Scatterplots Chapter 6.1 Notes
~Relationships between variables are often at the heart of what we would like to learn from data. · Are grades actually higher than they used to be? · Do people tend to reach puberty at a younger age than in previous generations? · Does applying strong magnets to parts of the body relieve pain? If so, are stronger magnets more effective? · Do students learn better with the use of computer technology? ~Questions like these relate two quantitative variables and ask whether there is an association between them.
Scatterplot - A graph of the relationship between 2 variables If you suspect that the changes in one variable explains the changes in the other variable, then label each axis accordingly x axis (explanatory variable or independent variable) y axis (response variable or dependent variable) **If there is no distinction then either variable can go on either axis.
Explanatory vs Response Examples – ~Can we view one of the variables as explanatory (independent) and the other as a response (dependent) variable? If so, which is which? a. The amount of time spent studying for a statistics exam and the grade on the exam b. The weight in kilograms and height in centimeters of a person c. Inches of rain in the growing season and the yield of corn in bushels per acre d. A student’s score on the SAT math exam and the SAT verbal exam e.
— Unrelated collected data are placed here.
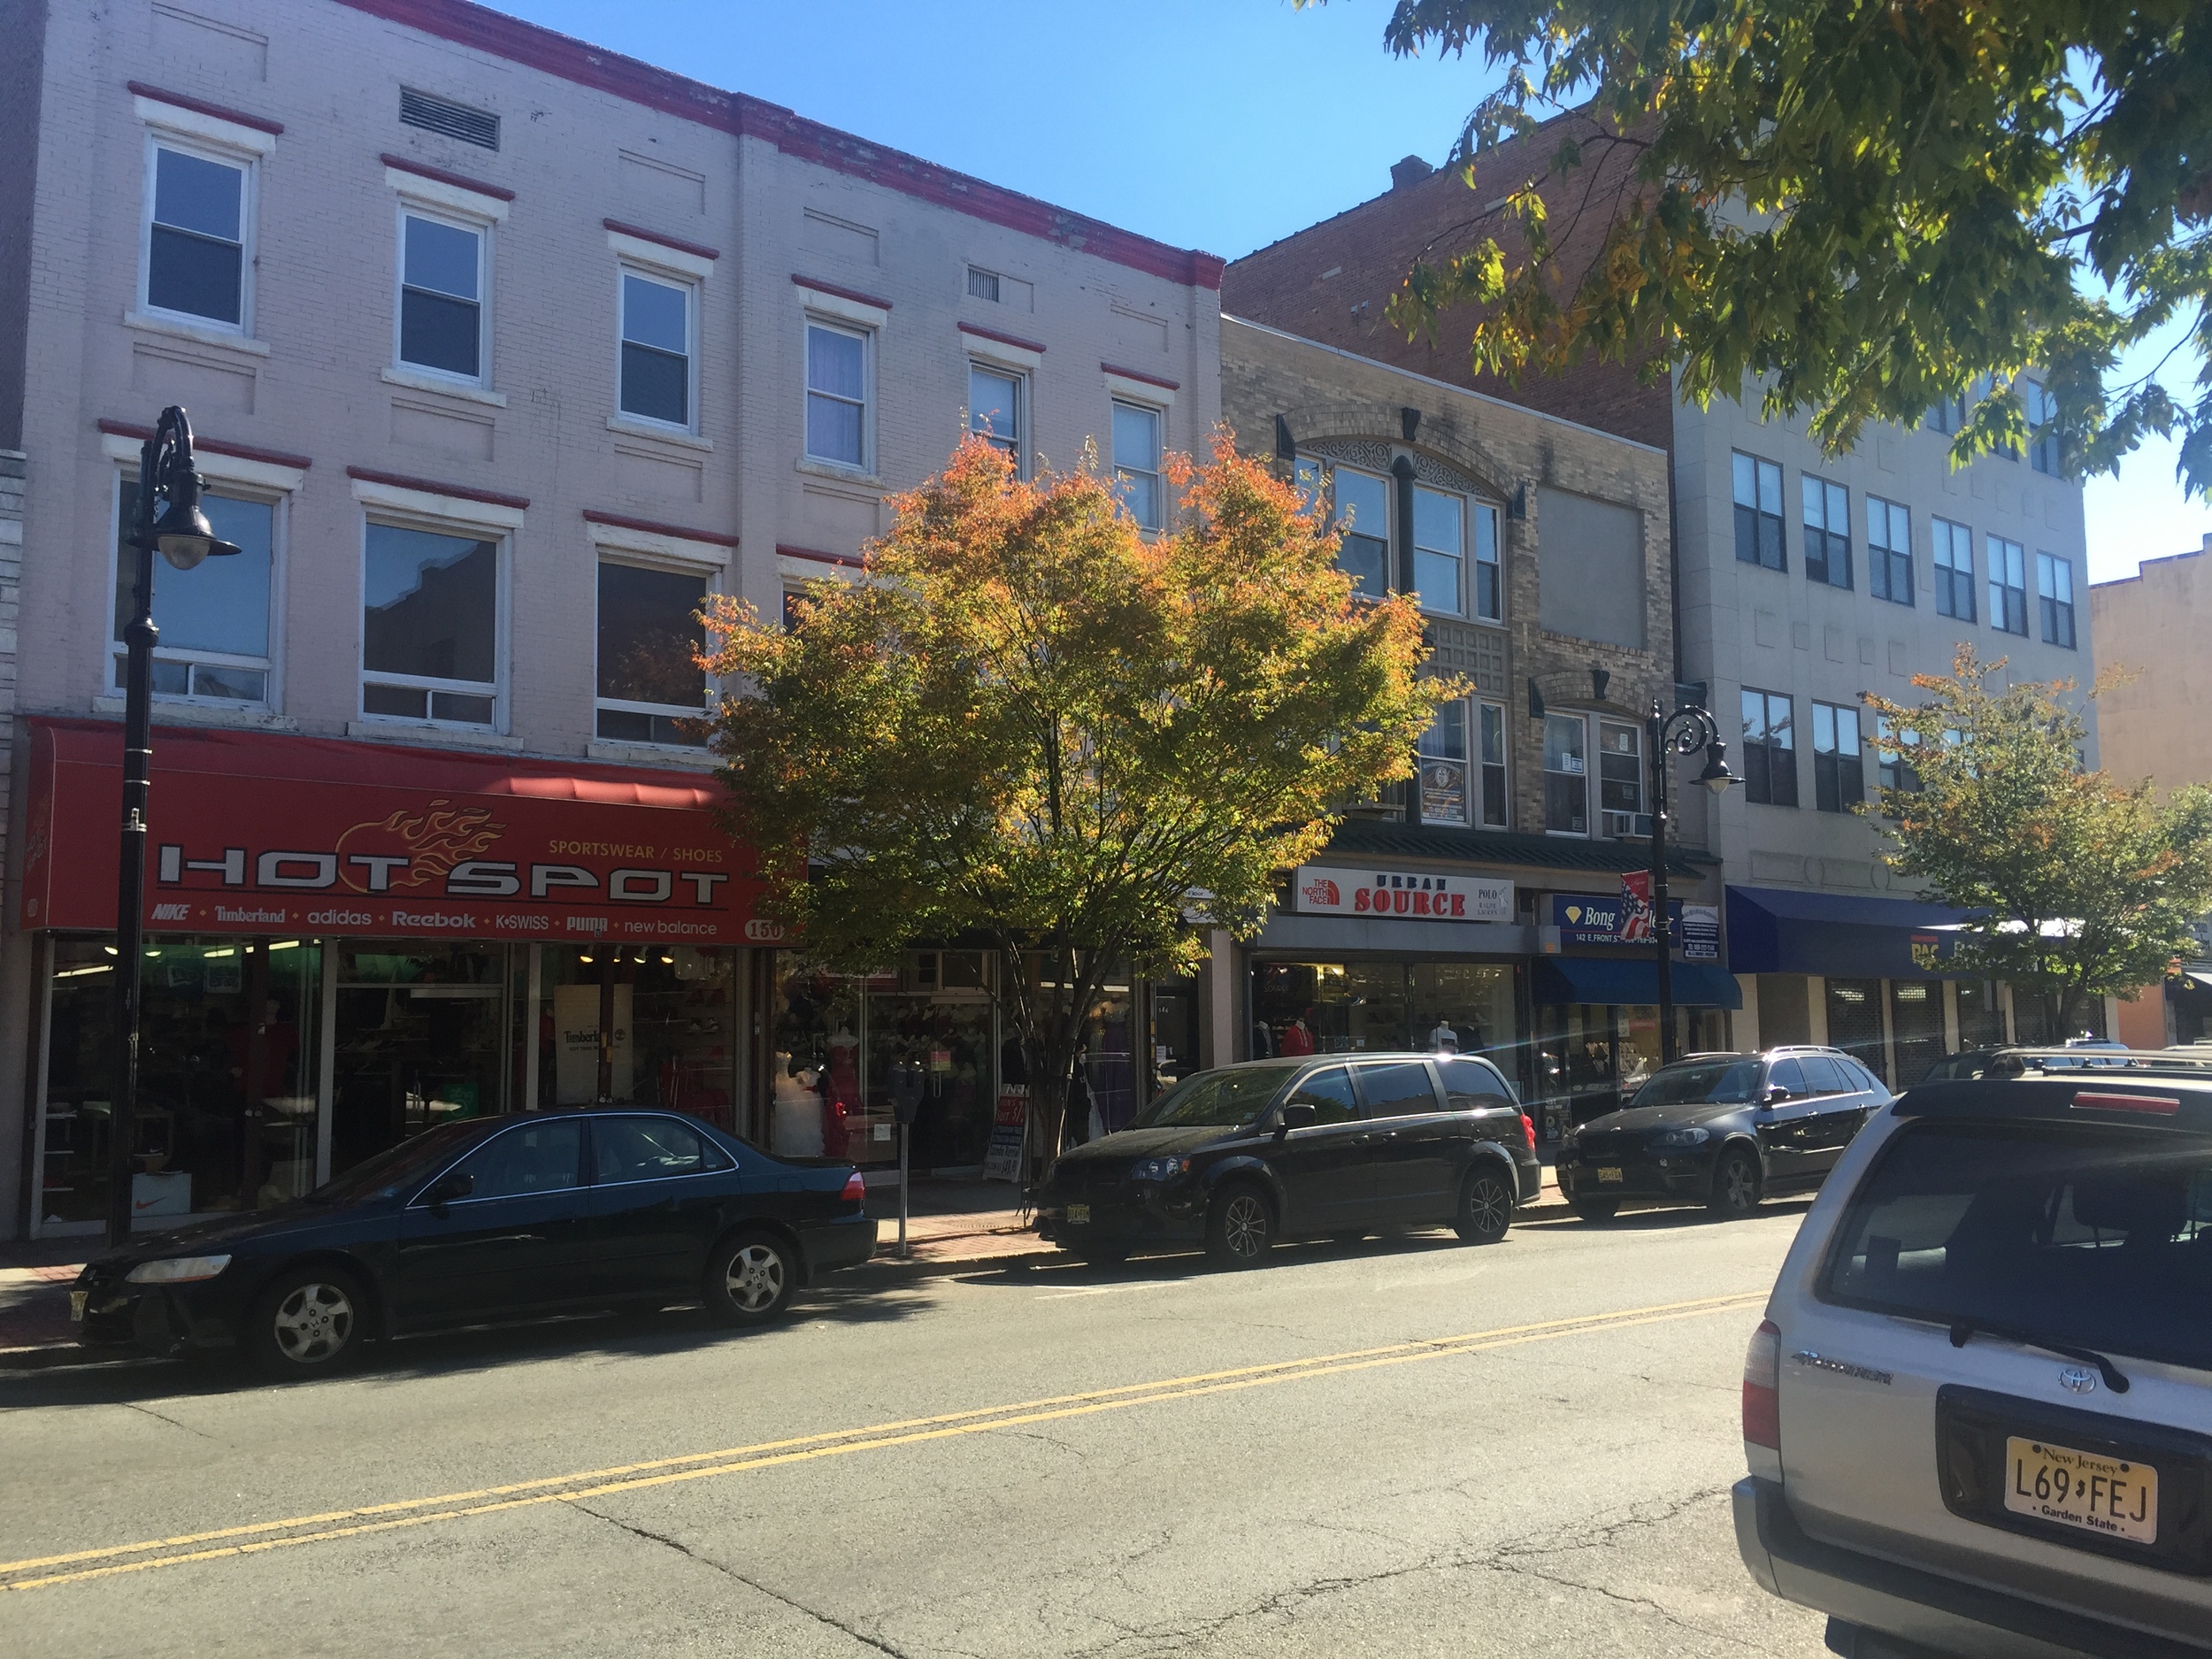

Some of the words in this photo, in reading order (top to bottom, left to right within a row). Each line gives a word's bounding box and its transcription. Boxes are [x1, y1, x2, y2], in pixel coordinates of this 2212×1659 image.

[549, 840, 654, 859] SPORTSWEAR
[673, 848, 722, 863] SHOES
[159, 844, 411, 893] HOT
[447, 859, 729, 906] SPOT
[1314, 879, 1327, 887] THE
[1377, 874, 1447, 891] URBAN
[1302, 887, 1328, 895] NORTH
[1309, 895, 1328, 905] FACE
[1479, 888, 1497, 899] POLO
[1355, 888, 1465, 917] SOURCE
[151, 903, 191, 921] NIKE
[214, 905, 286, 923] Timberland
[307, 910, 372, 926] adidas
[392, 910, 476, 928] Reebok
[1585, 906, 1615, 931] Bong
[566, 917, 608, 933] PUMA
[625, 920, 658, 933] new
[657, 920, 717, 935] balance
[749, 920, 784, 941] 150
[1576, 933, 1586, 942] 142
[2042, 1448, 2075, 1470] New
[2076, 1455, 2119, 1482] Jersey
[2016, 1459, 2070, 1504] L69
[2090, 1475, 2147, 1524] FEJ
[2041, 1505, 2083, 1525] Garden
[2085, 1516, 2119, 1532] State
A family’s income and the years of education their eldest child completes
Examining a Scatterplot ~Look for overall pattern and striking deviations from the pattern. 1. Form · Straight line (linear) - will appear as a cloud or swarm of points stretched out in a generally consistent, straight form · Are there clusters? (there can be curved patterns but we will not focus on those) 2. Direction · Positive - slopes upward from left to right · Negative - slope downward from left to right
3. Strength Strong - if the points lie close to a straight line Moderate - not close to a straight line but not widely scattered Weak – if the points are widely scattered about a line 4. Outliers – any deviation from the rest of the data
Correlation (r) – how we measure the strength of a scatterplot · Describes the direction and strength of a straight-line relationship (does not describe curved relationships) · Positive association – positive “r” value ; scatterplot slopes upward as we move from left to right · Negative association - negative “r” value; scatterplot slopes downward from left to right
The correlation “r” always falls between -1 and 1 strength increases as “r” moves toward either -1 or 1 When “r” is near zero (0) - very weak relationship; points do not lie close to a straight line When “r” is close to -1 or 1 – a strong relationship; points lie close to a straight line When “r” = -1 or 1 - occurs only when points lie exactly on straight line (very rare) Other information about “r” If we change units (inches vs. centimeters) “r” does not change because standard scores are used “r” has no units “r” will not change even if we reverse our explanatory and response variables “r” is strongly affected by outliers (like as with mean and standard deviation)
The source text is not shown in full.